# [Your instructions]
Omit the pictures while printing every entry below exactly as given.
** Opening Dataset entries block **
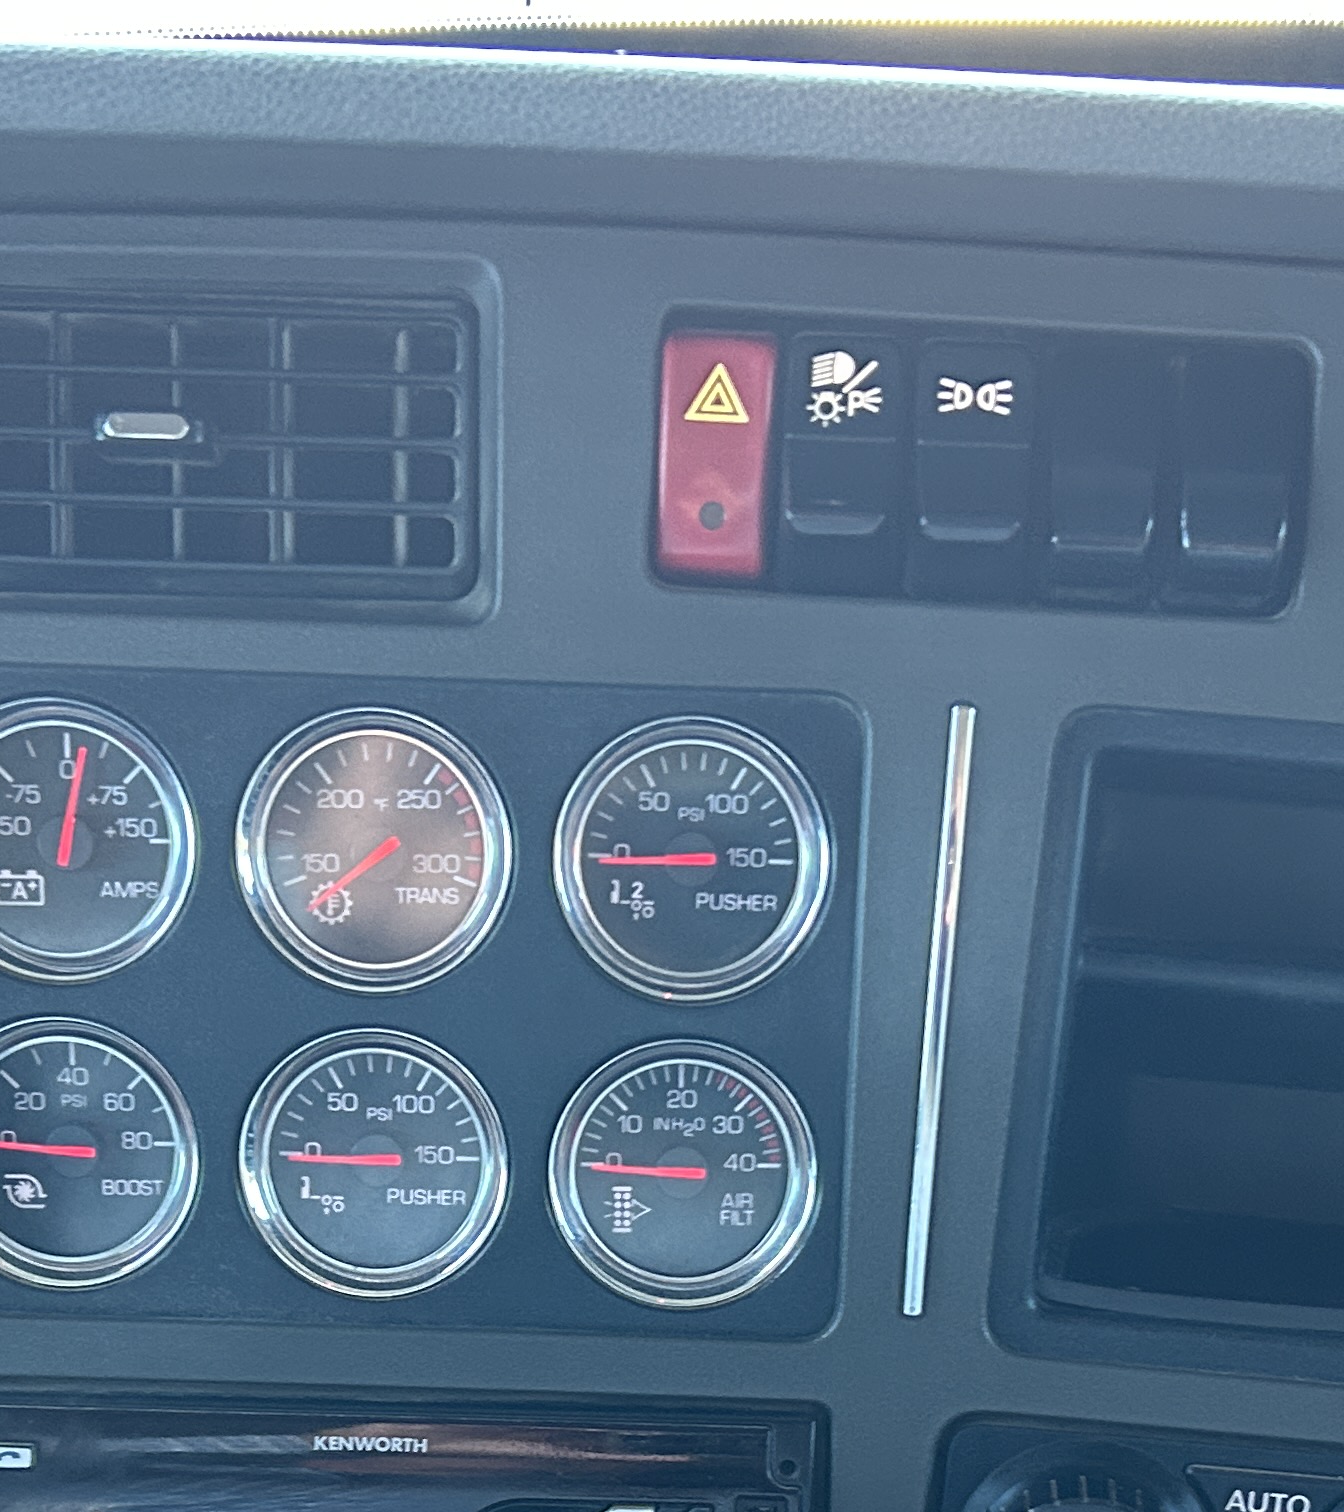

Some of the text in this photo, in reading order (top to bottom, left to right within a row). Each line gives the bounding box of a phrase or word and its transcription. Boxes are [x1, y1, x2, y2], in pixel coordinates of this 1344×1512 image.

[58, 759, 78, 780] 0
[86, 785, 129, 806] +75
[316, 788, 365, 810] 200
[396, 788, 442, 810] 250
[638, 791, 671, 812] 50
[704, 793, 750, 815] 100
[677, 806, 705, 822] PSI
[104, 817, 157, 839] +150
[301, 852, 341, 873] 150
[412, 853, 461, 875] 300
[726, 847, 767, 868] 150
[99, 880, 160, 899] AMPS
[394, 886, 460, 906] TRANS
[695, 891, 778, 912] PUSHER
[56, 1067, 90, 1086] 40
[14, 1091, 47, 1111] 20
[60, 1093, 88, 1108] PSI
[103, 1092, 136, 1112] 60
[327, 1092, 360, 1112] 50
[391, 1094, 436, 1115] 100
[666, 1089, 698, 1109] 20
[365, 1106, 394, 1121] PSI
[617, 1114, 644, 1135] 10
[711, 1115, 745, 1136] 30
[121, 1131, 154, 1151] 80
[303, 1141, 322, 1156] 0
[413, 1145, 455, 1165] 150
[722, 1152, 757, 1173] 40
[101, 1178, 164, 1197] BOOST
[386, 1186, 467, 1207] PUSHER
[720, 1192, 754, 1209] AIR
[718, 1209, 756, 1227] FILT
[312, 1434, 429, 1454] KENWORTH
** Closing Dataset entries block **
# [Worked solution]
Some of the text in this photo, in reading order (top to bottom, left to right within a row). Each line gives the bounding box of a phrase or word and its transcription. Boxes are [x1, y1, x2, y2], in pixel coordinates of this 1344×1512 image.

[58, 759, 78, 780] 0
[86, 785, 129, 806] +75
[316, 788, 365, 810] 200
[396, 788, 442, 810] 250
[638, 791, 671, 812] 50
[704, 793, 750, 815] 100
[677, 806, 705, 822] PSI
[104, 817, 157, 839] +150
[301, 852, 341, 873] 150
[412, 853, 461, 875] 300
[726, 847, 767, 868] 150
[99, 880, 160, 899] AMPS
[394, 886, 460, 906] TRANS
[695, 891, 778, 912] PUSHER
[56, 1067, 90, 1086] 40
[14, 1091, 47, 1111] 20
[60, 1093, 88, 1108] PSI
[103, 1092, 136, 1112] 60
[327, 1092, 360, 1112] 50
[391, 1094, 436, 1115] 100
[666, 1089, 698, 1109] 20
[365, 1106, 394, 1121] PSI
[617, 1114, 644, 1135] 10
[711, 1115, 745, 1136] 30
[121, 1131, 154, 1151] 80
[303, 1141, 322, 1156] 0
[413, 1145, 455, 1165] 150
[722, 1152, 757, 1173] 40
[101, 1178, 164, 1197] BOOST
[386, 1186, 467, 1207] PUSHER
[720, 1192, 754, 1209] AIR
[718, 1209, 756, 1227] FILT
[312, 1434, 429, 1454] KENWORTH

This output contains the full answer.